We all have them, those kitchen dreams and gastronomic aspirations of greatness. Most everyone who’s ever made a meal, and actually enjoyed it, has at least one creation that taunts them: Try me. Perfect me.

The second one is where it starts to hurt.

so close it's crusty

Don’t label me a perfectionist too quickly though. I love experimenting in the kitchen even when the results are far less than perfect. Chalk it all up to experience, to I’ll never do THAT again. Throwing last night’s leftovers together with some pasta, marrying unlikely combinations up in a whole wheat wrap for a quick lunch, laying the contents of the crisper to rest in an impromptu omelette. But perfection, ah, that is an entirely different story.

It’s probably because of the simple fact that a person’s standards will rise proportionately to their experience. Climb a couple mountains and soon you’ll want Everest (or at least Temple.) Start drinking fresher coffee and soon you’ll want to roast your own. Run a few miles here and there and soon you’ll be signed up for a 10k. It seems this progression is part of human nature. It’s great to be an amateur climber, coffee drinker, runner, cook. In fact the word amateur is from the French for “lover of.” But I also think the desire for excellence lies dormant in all of us.

Bread has become my terminus ad quem, the Mecca to which all my baked things march. Over the last year or so, bread has risen to the top of my list of things I want to be really good at. The more loaves I attempt the better my ideal loaf gets. With mediocre and failed loaves jousting for rule of my counter, this process has paved the road to greatness with frustration. I tried a bread maker and hand-kneading. I tried recipes from Betty Crocker herself. I copied down meticulous steps from internet bread sites and researched yeast brands. My loafs ranged from sticky-gluey to coarse to bland. Maybe they weren’t all that bad, but through it all, something just didn’t seem right.

That was before I discovered Rose Levy Beranbaum, who has since become my personal bread guru. Since picking up her 2003 The Bread Bible at our local library, my bread joy has risen proportionately to the number of her loaves I’ve tried. I’ve never been so at peace with my Kitchen Aid mixer.

My first loaf was her Basic Hearth Bread, a simple, artisan-style loaf which came in rather handy for some impromptu vegan brunch company. The rustic dough was springy and supple and so tasty it disappeared before I could photograph it.

The second was a billowy sandwich bread entitled Cracked Wheat Loaf.
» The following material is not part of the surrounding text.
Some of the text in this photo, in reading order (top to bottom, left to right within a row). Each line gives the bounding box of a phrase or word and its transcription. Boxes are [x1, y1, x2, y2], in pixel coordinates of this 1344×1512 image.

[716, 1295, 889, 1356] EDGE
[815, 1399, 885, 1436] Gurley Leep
With the addition of lecithin, it stayed tender for days. It was great for sandwiches and even better toasted. The only change I would make would be to soak the bulghur in less water next time to yield more crunch.

Because Rose’s recipe style is so well-researched and technical, I chose not to recopy her recipes here. Instead, this series of posts is going to serve more as a journal of my walk through the Bread Bible. It just wouldn’t seem right to try to represent her massive work here: her breadth of scientific and artistic knowledge, evidenced through meticulous instruction on pre-fermenting, mixing, dividing, shaping, slashing, glazing, cooling, slicing and storing, is just better done on the pages of a book.
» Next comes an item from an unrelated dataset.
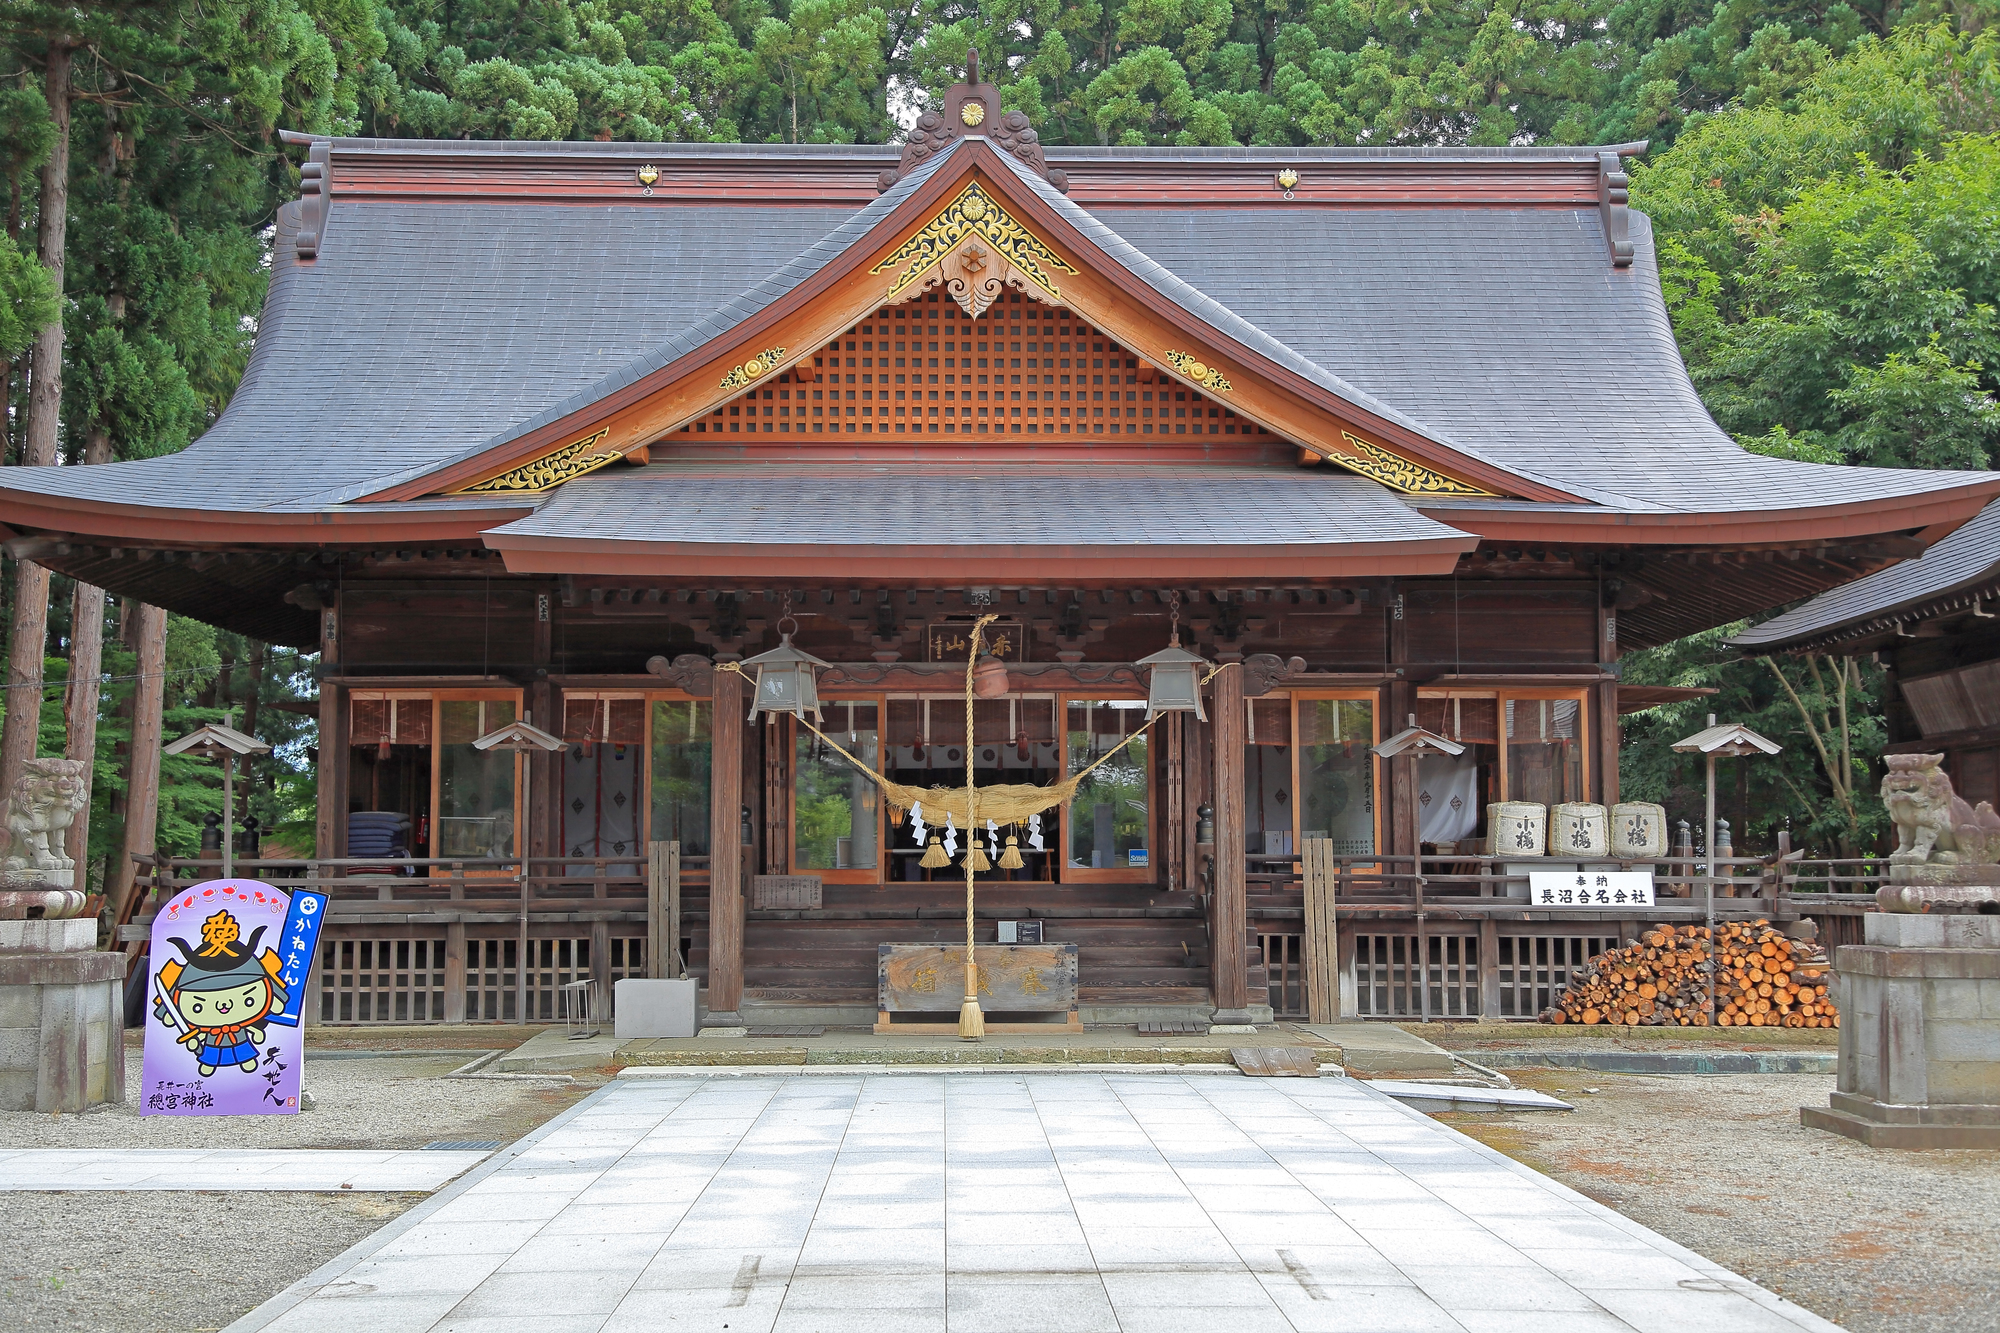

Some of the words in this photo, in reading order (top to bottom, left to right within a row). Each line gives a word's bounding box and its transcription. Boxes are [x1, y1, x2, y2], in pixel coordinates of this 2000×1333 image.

Opening with the invitation, “this is my bread biography,” Rose chronicles her love of something so simple, something that most of us take for granted, packaged and neatly sliced on the shelves of the superstores. Any cookbook author who writes “Could it be that I’m only completely happy now when a bread is happening somewhere nearby?” deserves my allegiance, if not for her techniques alone, at least for her sense of the life of food. Her invitation to find a favorite recipe, vary it a little, re-type it in your own words, and share with others as “your bread” made me feel an instant kinship with her. She notes that bakers say “the sound of the crust crackling as it cools is the bread’s song.” When I heard this sound coming from my first loaf of Basic Hearth Bread like a cozy campfire (see below) I was surprised. I was delighted to find out later that it’s a sign of a bread well done.

If you are interested in not just baking but truly understanding bread, I highly recommend her book. Look for it at your local library (a great place to help break a cooking rut without breaking your wallet) or bookstore. You won’t be disappointed.